In 2005 we began publishing Euro Shorts, designed to fill-up the time on a short flight or on a Eurostar journey.The first book in this series is the most memorable, Lobster by Guillaume Lecasble, translated by Polly McLean. Having seen his father devoured aboard the Titanic by Angelina Lobster is next for cooking pot and is put in the boiling water. The Titanic hits the iceberg and Lobster is thrown to the floor. He finds his partial cooking has changed him and he feels sexually attracted to humans and Angelina in particular. He gives the woman who has eaten his father a life-changing orgasm as the ship sinks leading Angelina to bring Lobster with her to the lifeboat. As Nick Lezard put it in the Guardian:’There was a Lobster-shaped hole in world literature which has now been filled by this remarkable work.’
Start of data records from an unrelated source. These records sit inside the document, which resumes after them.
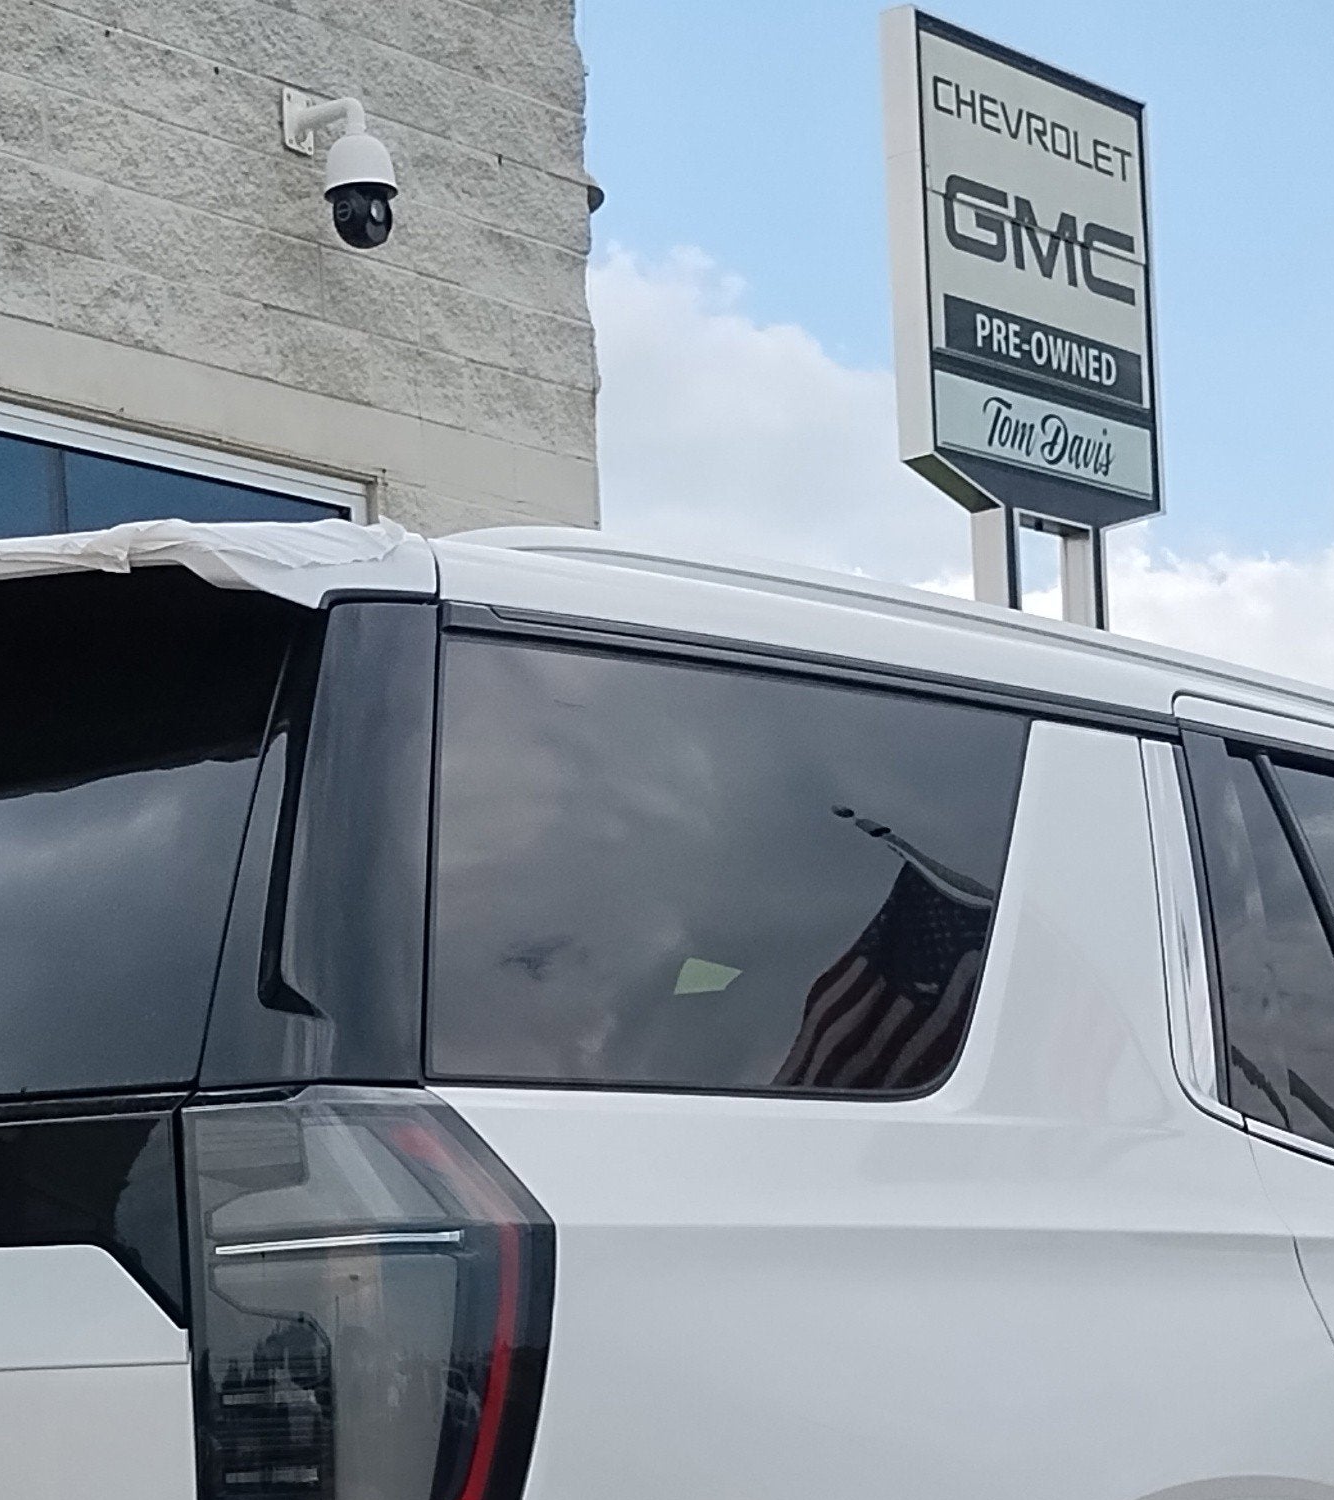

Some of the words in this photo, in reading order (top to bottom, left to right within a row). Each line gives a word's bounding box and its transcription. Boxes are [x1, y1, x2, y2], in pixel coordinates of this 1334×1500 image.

[932, 75, 1133, 182] CHEVROLET
[943, 173, 1136, 306] GMC
[975, 312, 1117, 387] PRE-OWNED
[983, 396, 1037, 458] Tom
[1040, 413, 1116, 477] Davis
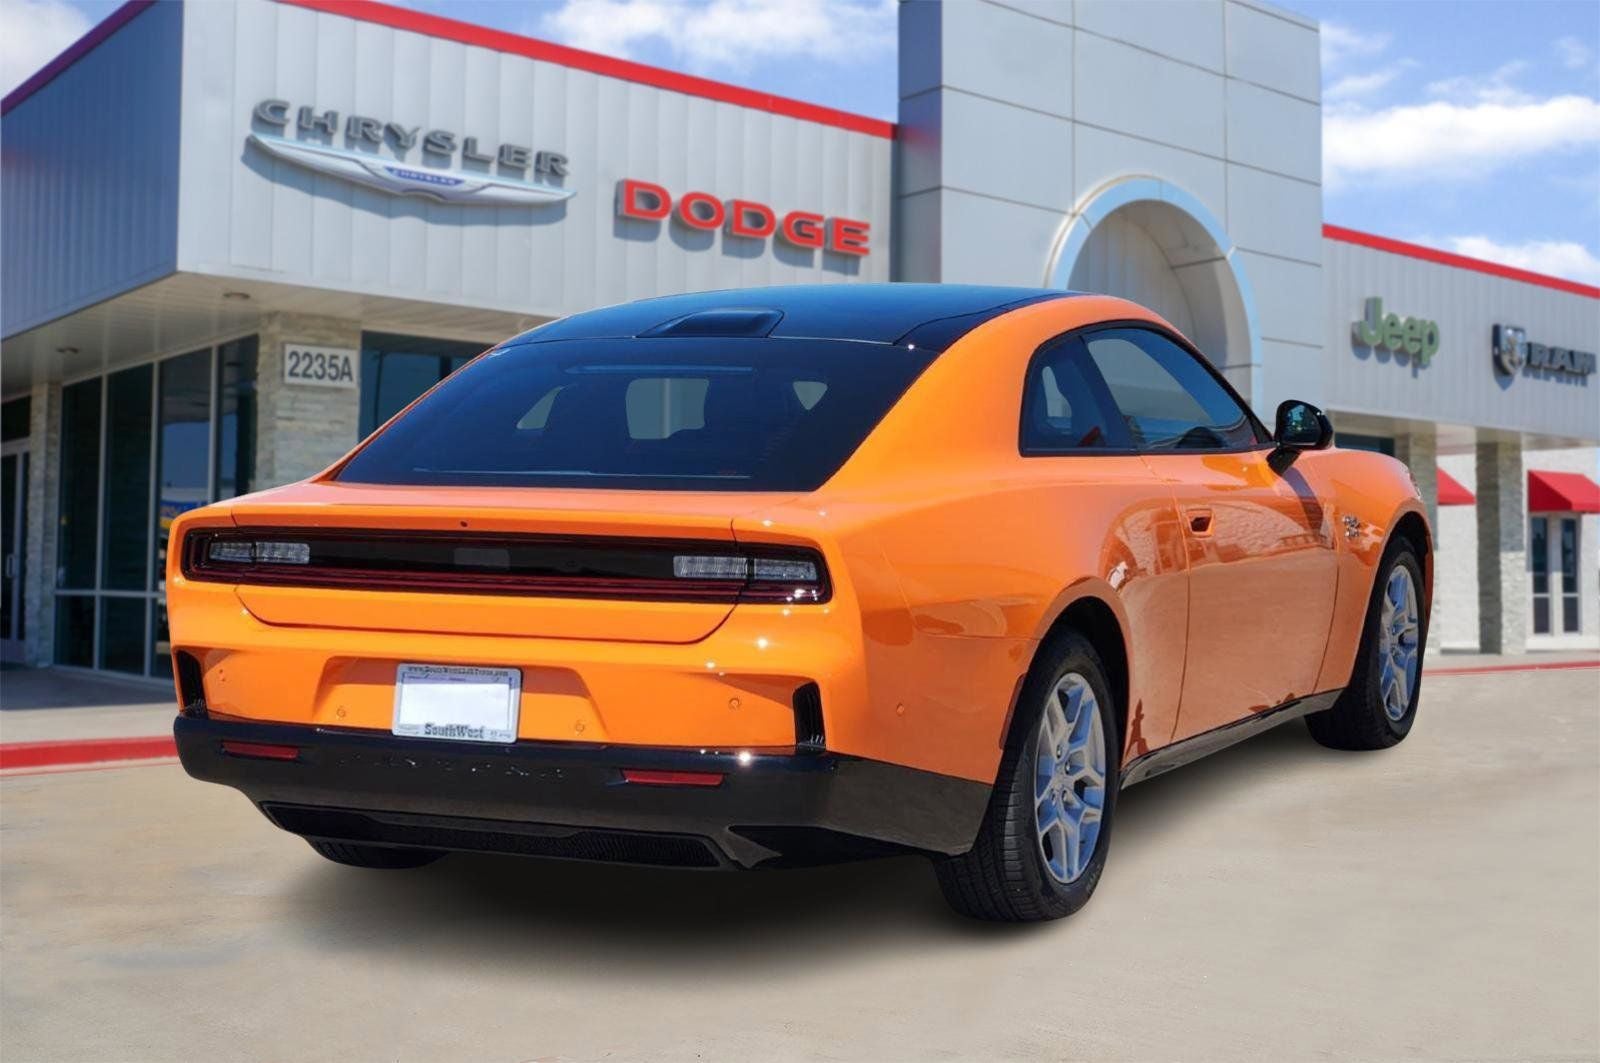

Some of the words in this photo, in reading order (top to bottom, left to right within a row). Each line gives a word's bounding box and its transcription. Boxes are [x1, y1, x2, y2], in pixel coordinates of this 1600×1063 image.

[252, 99, 569, 176] CHRYSLER
[617, 178, 870, 256] DODGE
[1355, 296, 1440, 366] Jeep
[288, 350, 353, 382] 2235A
[1526, 341, 1597, 376] RAM
[424, 723, 484, 739] SouthWest
Happily our most successful translation has come in the last few years with Diego Marani’s New Finnish Grammar (2011) selling over 25,000 copies. It is the first in a trilogy of novels with The Last of the Vostyachs and The Interpreter, on the themes of identity, language and belonging. You learn a lot about Finnish grammar and culture in the novel but it is the quest to belong and its unforeseen consequences which captures the reader’s imagination. It is certainly a book which brought tears to my eyes. Another Italian novel which also did that was The Mussolini Canal by Antonio Pennacchi. It serves up one hundred years of Italian history, and reading it is like eavesdropping on a private conversation and gives an insight into the Italian psyche. There is so much in this novel which is memorable, indeed it is hard not to fall in love with it, which is something the translator, Judith Landry did. I asked her for a short sample for a translation grant application and Judith forgot to stop and translated the whole book.

Anthologies

In 1992 as part of our celebration of the European Single Market as a cultural event, Dedalus began its European Literary Fantasy Anthology Series. Each volume has its jewels, but there are three standout volumes; Austrian, Finnish and Greek. Johanna Sinisalo’s choices and David Hackston’s translation for The Dedalus Book of Finnish Fantasy unlocked for me a literature I knew nothing about, while David Connolly, both as an editor and a translator of the The Dedalus Book of Greek Fantasy, produced a mesmerising volume of Greek fiction, reflecting its excellence in surrealism. For the quality and variety of the contents it would be hard to find an anthology which could put The Dedalus Book of Austrian Fantasy;1890-2000 in the shade. Indeed the critic, A.S,Byatt said it was one of the best anthologies she had ever read in a full page review when it was selected as The Guardian’s Book of the Week.

Summary

There are many wonderful books I haven’t been able to mention or to describe, including The Saragossa Manuscript(Thirteen Days in the Life of Alfonse van Worden) even though Jan Potocki’s book is the inspiration behind most of what we publish. There will be for some readers glaring omissions in my survey and I hope in that case they will post a blog to rectify them. Each period of our thirty years has seen great books published, but I am happy that so much of our major work has been published in the last five years. The best I hope is still to come.